§ Assigned task:
In full and without alteration, print the entries.

Spatial localization data
☆ ☆ ☆
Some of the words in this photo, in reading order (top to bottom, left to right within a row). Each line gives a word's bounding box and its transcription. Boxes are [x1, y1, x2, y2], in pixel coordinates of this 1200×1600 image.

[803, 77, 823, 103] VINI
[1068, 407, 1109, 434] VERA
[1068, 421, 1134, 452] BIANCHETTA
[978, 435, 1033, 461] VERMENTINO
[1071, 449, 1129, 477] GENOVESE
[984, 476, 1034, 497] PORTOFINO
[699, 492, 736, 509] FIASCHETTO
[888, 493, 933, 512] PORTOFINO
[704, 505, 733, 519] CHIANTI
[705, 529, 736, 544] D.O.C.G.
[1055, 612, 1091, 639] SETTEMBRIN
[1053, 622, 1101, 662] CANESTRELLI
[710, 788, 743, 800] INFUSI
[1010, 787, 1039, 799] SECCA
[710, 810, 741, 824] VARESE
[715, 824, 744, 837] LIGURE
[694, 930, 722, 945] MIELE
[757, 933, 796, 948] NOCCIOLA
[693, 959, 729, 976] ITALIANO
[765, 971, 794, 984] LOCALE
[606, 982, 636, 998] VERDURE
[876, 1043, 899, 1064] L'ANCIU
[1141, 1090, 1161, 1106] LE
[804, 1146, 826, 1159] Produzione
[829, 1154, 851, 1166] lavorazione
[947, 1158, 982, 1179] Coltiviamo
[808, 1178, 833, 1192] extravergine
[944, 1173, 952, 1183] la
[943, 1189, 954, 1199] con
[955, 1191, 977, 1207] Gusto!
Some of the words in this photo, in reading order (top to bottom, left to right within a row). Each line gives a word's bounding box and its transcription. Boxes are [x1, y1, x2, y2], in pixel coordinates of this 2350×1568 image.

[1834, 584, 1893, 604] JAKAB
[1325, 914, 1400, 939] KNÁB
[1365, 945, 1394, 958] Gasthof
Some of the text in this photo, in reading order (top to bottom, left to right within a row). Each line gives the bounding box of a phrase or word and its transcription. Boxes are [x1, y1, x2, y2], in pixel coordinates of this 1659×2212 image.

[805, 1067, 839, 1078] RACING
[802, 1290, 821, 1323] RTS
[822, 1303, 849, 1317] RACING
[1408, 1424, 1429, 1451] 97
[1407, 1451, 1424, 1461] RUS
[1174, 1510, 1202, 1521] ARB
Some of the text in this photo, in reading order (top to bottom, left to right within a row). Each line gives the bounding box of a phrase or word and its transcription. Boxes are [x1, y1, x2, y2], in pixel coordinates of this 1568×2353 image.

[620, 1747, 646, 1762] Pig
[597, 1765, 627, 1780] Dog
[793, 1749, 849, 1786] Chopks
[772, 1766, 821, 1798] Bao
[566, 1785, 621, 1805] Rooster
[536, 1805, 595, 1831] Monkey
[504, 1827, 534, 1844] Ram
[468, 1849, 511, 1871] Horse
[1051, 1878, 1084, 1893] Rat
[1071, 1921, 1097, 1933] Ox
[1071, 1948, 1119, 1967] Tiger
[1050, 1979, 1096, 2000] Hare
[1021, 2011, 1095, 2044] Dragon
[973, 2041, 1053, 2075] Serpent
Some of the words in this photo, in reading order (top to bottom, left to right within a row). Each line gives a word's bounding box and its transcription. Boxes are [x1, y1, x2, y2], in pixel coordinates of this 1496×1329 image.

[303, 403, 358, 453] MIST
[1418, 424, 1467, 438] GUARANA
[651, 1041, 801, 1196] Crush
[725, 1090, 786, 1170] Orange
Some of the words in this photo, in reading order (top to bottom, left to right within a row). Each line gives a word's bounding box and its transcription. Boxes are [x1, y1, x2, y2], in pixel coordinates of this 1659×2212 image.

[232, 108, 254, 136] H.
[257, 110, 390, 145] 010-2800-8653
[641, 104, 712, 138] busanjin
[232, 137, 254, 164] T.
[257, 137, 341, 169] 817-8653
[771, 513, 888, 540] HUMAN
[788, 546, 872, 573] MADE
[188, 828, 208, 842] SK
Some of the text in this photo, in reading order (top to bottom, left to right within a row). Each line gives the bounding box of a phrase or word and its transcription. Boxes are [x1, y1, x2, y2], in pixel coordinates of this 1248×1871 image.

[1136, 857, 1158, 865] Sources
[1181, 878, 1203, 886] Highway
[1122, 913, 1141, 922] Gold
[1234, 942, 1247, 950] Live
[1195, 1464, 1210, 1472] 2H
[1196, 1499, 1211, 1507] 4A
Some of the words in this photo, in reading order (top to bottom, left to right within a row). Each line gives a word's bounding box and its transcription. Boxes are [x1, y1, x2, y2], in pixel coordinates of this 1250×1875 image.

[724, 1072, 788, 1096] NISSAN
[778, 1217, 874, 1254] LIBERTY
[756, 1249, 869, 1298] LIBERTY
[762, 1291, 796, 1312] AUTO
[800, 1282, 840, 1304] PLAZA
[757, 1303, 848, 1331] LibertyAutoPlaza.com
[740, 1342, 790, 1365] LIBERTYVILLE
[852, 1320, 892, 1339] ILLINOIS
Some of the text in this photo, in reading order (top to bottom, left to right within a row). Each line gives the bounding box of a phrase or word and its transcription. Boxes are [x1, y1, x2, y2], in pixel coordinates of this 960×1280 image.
☆ ☆ ☆
§ Answer box:
Some of the words in this photo, in reading order (top to bottom, left to right within a row). Each line gives a word's bounding box and its transcription. Boxes are [x1, y1, x2, y2], in pixel coordinates of this 1200×1600 image.

[803, 77, 823, 103] VINI
[1068, 407, 1109, 434] VERA
[1068, 421, 1134, 452] BIANCHETTA
[978, 435, 1033, 461] VERMENTINO
[1071, 449, 1129, 477] GENOVESE
[984, 476, 1034, 497] PORTOFINO
[699, 492, 736, 509] FIASCHETTO
[888, 493, 933, 512] PORTOFINO
[704, 505, 733, 519] CHIANTI
[705, 529, 736, 544] D.O.C.G.
[1055, 612, 1091, 639] SETTEMBRIN
[1053, 622, 1101, 662] CANESTRELLI
[710, 788, 743, 800] INFUSI
[1010, 787, 1039, 799] SECCA
[710, 810, 741, 824] VARESE
[715, 824, 744, 837] LIGURE
[694, 930, 722, 945] MIELE
[757, 933, 796, 948] NOCCIOLA
[693, 959, 729, 976] ITALIANO
[765, 971, 794, 984] LOCALE
[606, 982, 636, 998] VERDURE
[876, 1043, 899, 1064] L'ANCIU
[1141, 1090, 1161, 1106] LE
[804, 1146, 826, 1159] Produzione
[829, 1154, 851, 1166] lavorazione
[947, 1158, 982, 1179] Coltiviamo
[808, 1178, 833, 1192] extravergine
[944, 1173, 952, 1183] la
[943, 1189, 954, 1199] con
[955, 1191, 977, 1207] Gusto!
Some of the words in this photo, in reading order (top to bottom, left to right within a row). Each line gives a word's bounding box and its transcription. Boxes are [x1, y1, x2, y2], in pixel coordinates of this 2350×1568 image.

[1834, 584, 1893, 604] JAKAB
[1325, 914, 1400, 939] KNÁB
[1365, 945, 1394, 958] Gasthof
Some of the text in this photo, in reading order (top to bottom, left to right within a row). Each line gives the bounding box of a phrase or word and its transcription. Boxes are [x1, y1, x2, y2], in pixel coordinates of this 1659×2212 image.

[805, 1067, 839, 1078] RACING
[802, 1290, 821, 1323] RTS
[822, 1303, 849, 1317] RACING
[1408, 1424, 1429, 1451] 97
[1407, 1451, 1424, 1461] RUS
[1174, 1510, 1202, 1521] ARB
Some of the text in this photo, in reading order (top to bottom, left to right within a row). Each line gives the bounding box of a phrase or word and its transcription. Boxes are [x1, y1, x2, y2], in pixel coordinates of this 1568×2353 image.

[620, 1747, 646, 1762] Pig
[597, 1765, 627, 1780] Dog
[793, 1749, 849, 1786] Chopks
[772, 1766, 821, 1798] Bao
[566, 1785, 621, 1805] Rooster
[536, 1805, 595, 1831] Monkey
[504, 1827, 534, 1844] Ram
[468, 1849, 511, 1871] Horse
[1051, 1878, 1084, 1893] Rat
[1071, 1921, 1097, 1933] Ox
[1071, 1948, 1119, 1967] Tiger
[1050, 1979, 1096, 2000] Hare
[1021, 2011, 1095, 2044] Dragon
[973, 2041, 1053, 2075] Serpent
Some of the words in this photo, in reading order (top to bottom, left to right within a row). Each line gives a word's bounding box and its transcription. Boxes are [x1, y1, x2, y2], in pixel coordinates of this 1496×1329 image.

[303, 403, 358, 453] MIST
[1418, 424, 1467, 438] GUARANA
[651, 1041, 801, 1196] Crush
[725, 1090, 786, 1170] Orange
Some of the words in this photo, in reading order (top to bottom, left to right within a row). Each line gives a word's bounding box and its transcription. Boxes are [x1, y1, x2, y2], in pixel coordinates of this 1659×2212 image.

[232, 108, 254, 136] H.
[257, 110, 390, 145] 010-2800-8653
[641, 104, 712, 138] busanjin
[232, 137, 254, 164] T.
[257, 137, 341, 169] 817-8653
[771, 513, 888, 540] HUMAN
[788, 546, 872, 573] MADE
[188, 828, 208, 842] SK
Some of the text in this photo, in reading order (top to bottom, left to right within a row). Each line gives the bounding box of a phrase or word and its transcription. Boxes are [x1, y1, x2, y2], in pixel coordinates of this 1248×1871 image.

[1136, 857, 1158, 865] Sources
[1181, 878, 1203, 886] Highway
[1122, 913, 1141, 922] Gold
[1234, 942, 1247, 950] Live
[1195, 1464, 1210, 1472] 2H
[1196, 1499, 1211, 1507] 4A
Some of the words in this photo, in reading order (top to bottom, left to right within a row). Each line gives a word's bounding box and its transcription. Boxes are [x1, y1, x2, y2], in pixel coordinates of this 1250×1875 image.

[724, 1072, 788, 1096] NISSAN
[778, 1217, 874, 1254] LIBERTY
[756, 1249, 869, 1298] LIBERTY
[762, 1291, 796, 1312] AUTO
[800, 1282, 840, 1304] PLAZA
[757, 1303, 848, 1331] LibertyAutoPlaza.com
[740, 1342, 790, 1365] LIBERTYVILLE
[852, 1320, 892, 1339] ILLINOIS
Some of the text in this photo, in reading order (top to bottom, left to right within a row). Each line gives the bounding box of a phrase or word and its transcription. Boxes are [x1, y1, x2, y2], in pixel coordinates of this 960×1280 image.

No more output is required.